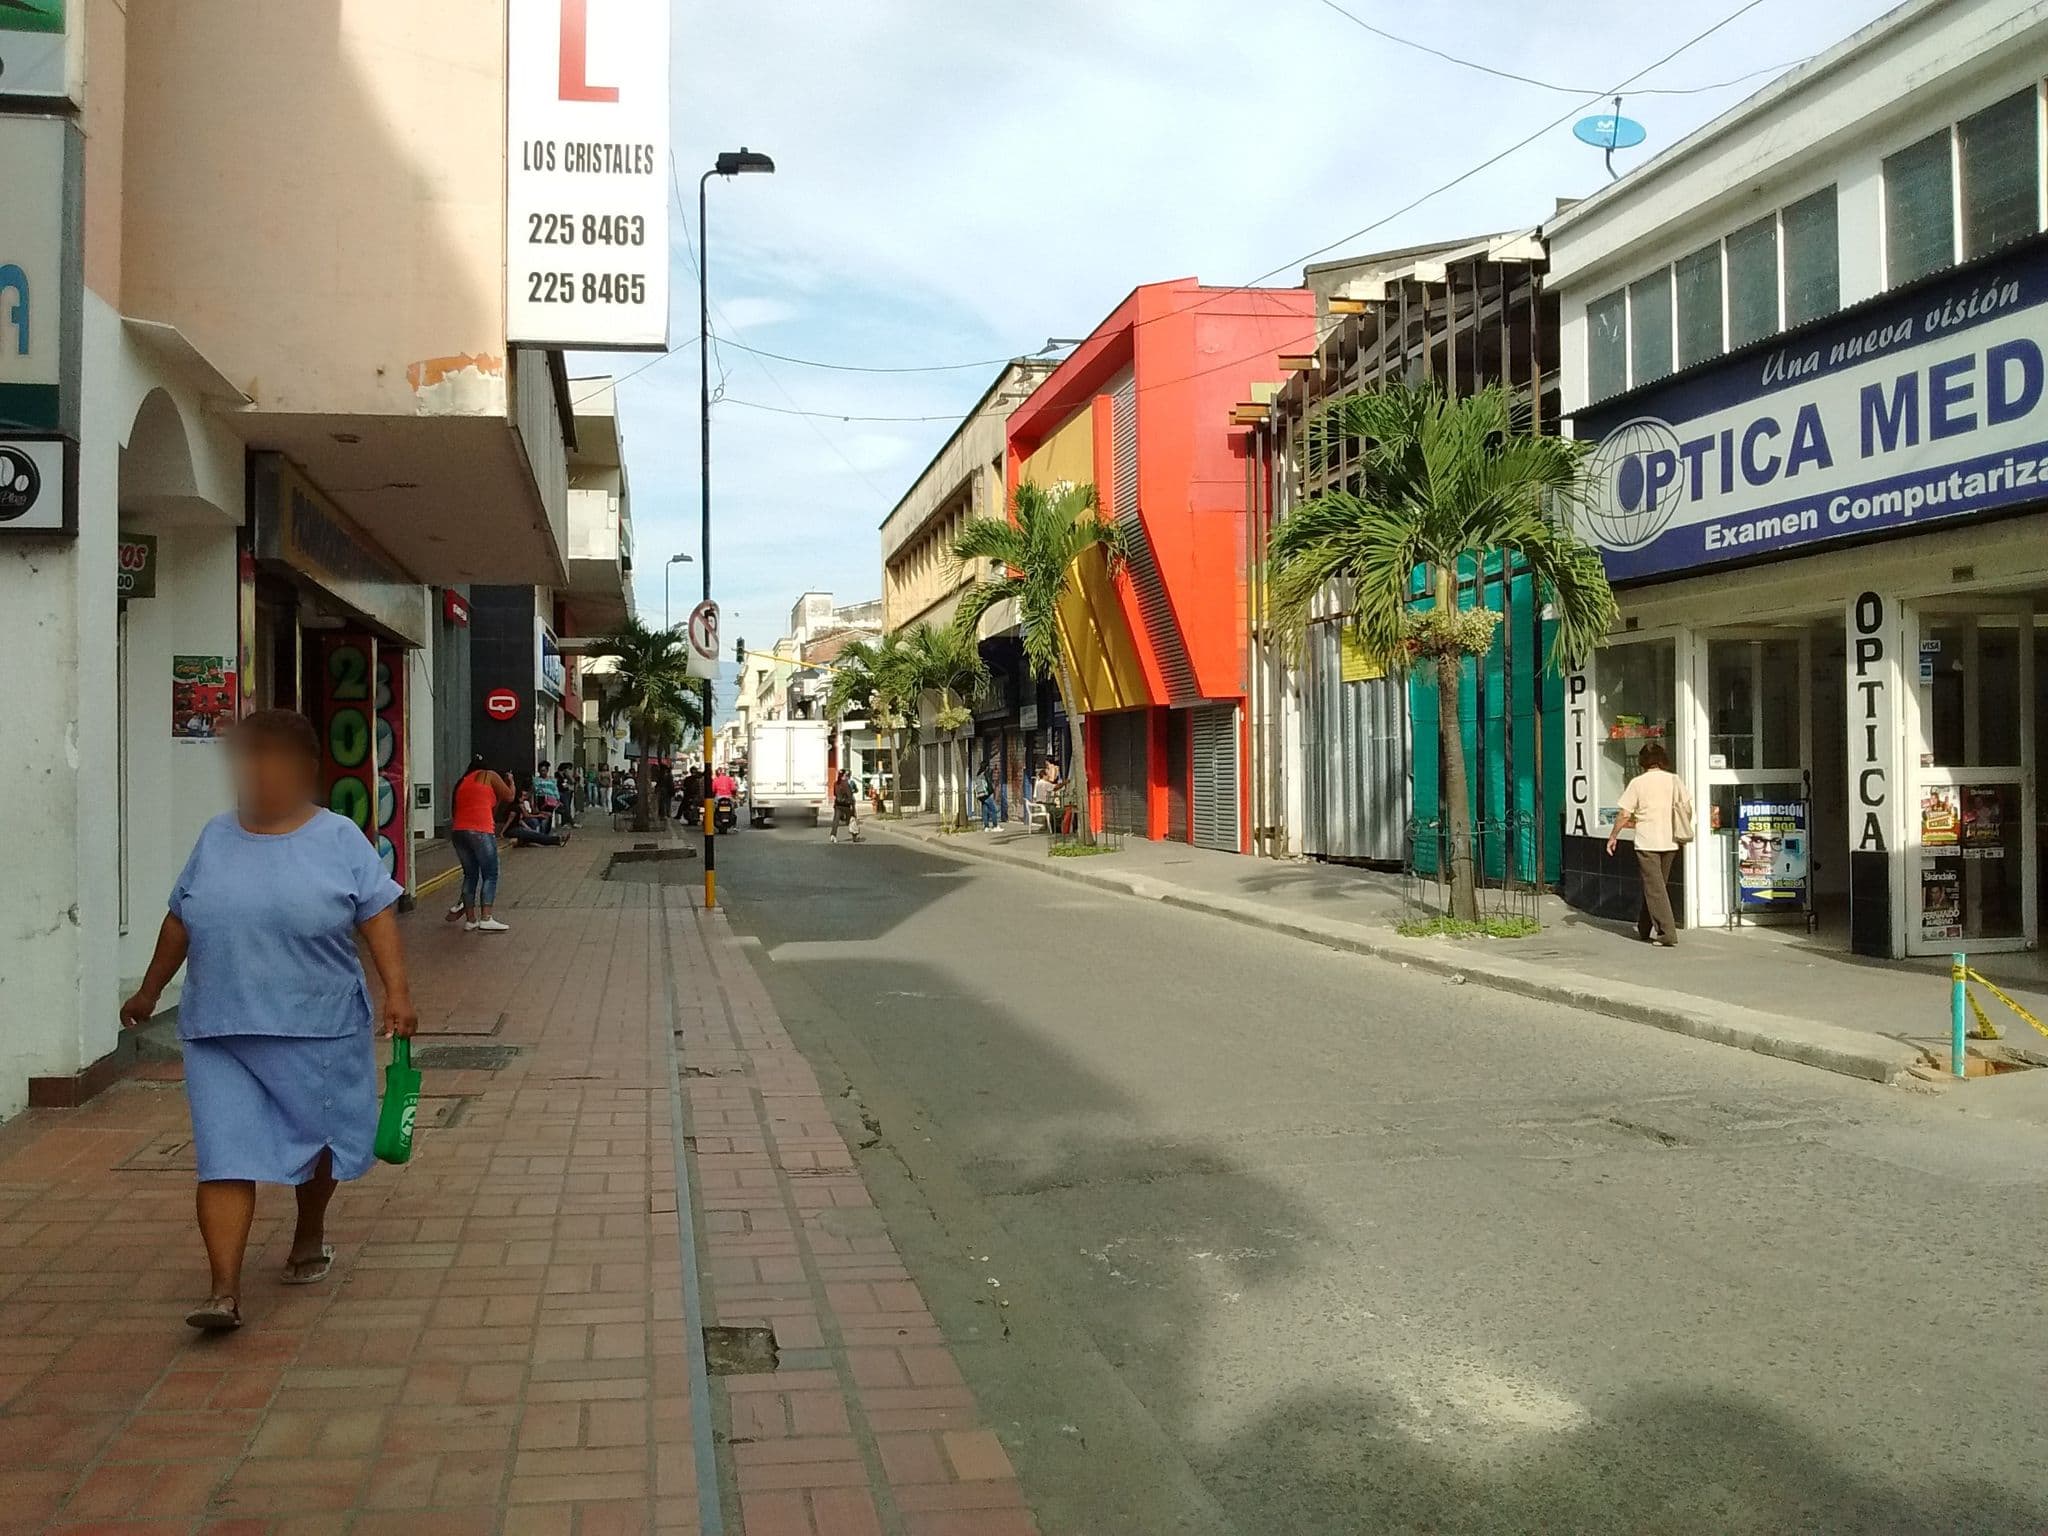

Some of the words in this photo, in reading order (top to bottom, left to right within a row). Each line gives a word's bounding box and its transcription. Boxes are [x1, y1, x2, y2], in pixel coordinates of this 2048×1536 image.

[524, 140, 556, 171] LOS
[565, 142, 653, 175] CRISTALES
[529, 213, 574, 245] 225
[582, 214, 645, 246] 8463
[528, 271, 574, 303] 225
[582, 272, 645, 304] 8465
[1762, 350, 1819, 386] Una
[1829, 317, 1914, 365] nueva
[1924, 276, 2019, 332] visión
[1618, 402, 1834, 514] OPTICA
[1860, 338, 2045, 459] MED
[1704, 509, 1818, 551] Examen
[1921, 641, 1940, 651] VISA
[1855, 591, 1886, 851] OPTICA
[1570, 655, 1588, 836] PTICA
[1740, 803, 1804, 818] PROMOCIÓN
-*-*-
Work item ▸ Please copy the records above word for word, leaving out every picture.

The answer ▸
Some of the words in this photo, in reading order (top to bottom, left to right within a row). Each line gives a word's bounding box and its transcription. Boxes are [x1, y1, x2, y2], in pixel coordinates of this 2048×1536 image.

[524, 140, 556, 171] LOS
[565, 142, 653, 175] CRISTALES
[529, 213, 574, 245] 225
[582, 214, 645, 246] 8463
[528, 271, 574, 303] 225
[582, 272, 645, 304] 8465
[1762, 350, 1819, 386] Una
[1829, 317, 1914, 365] nueva
[1924, 276, 2019, 332] visión
[1618, 402, 1834, 514] OPTICA
[1860, 338, 2045, 459] MED
[1704, 509, 1818, 551] Examen
[1921, 641, 1940, 651] VISA
[1855, 591, 1886, 851] OPTICA
[1570, 655, 1588, 836] PTICA
[1740, 803, 1804, 818] PROMOCIÓN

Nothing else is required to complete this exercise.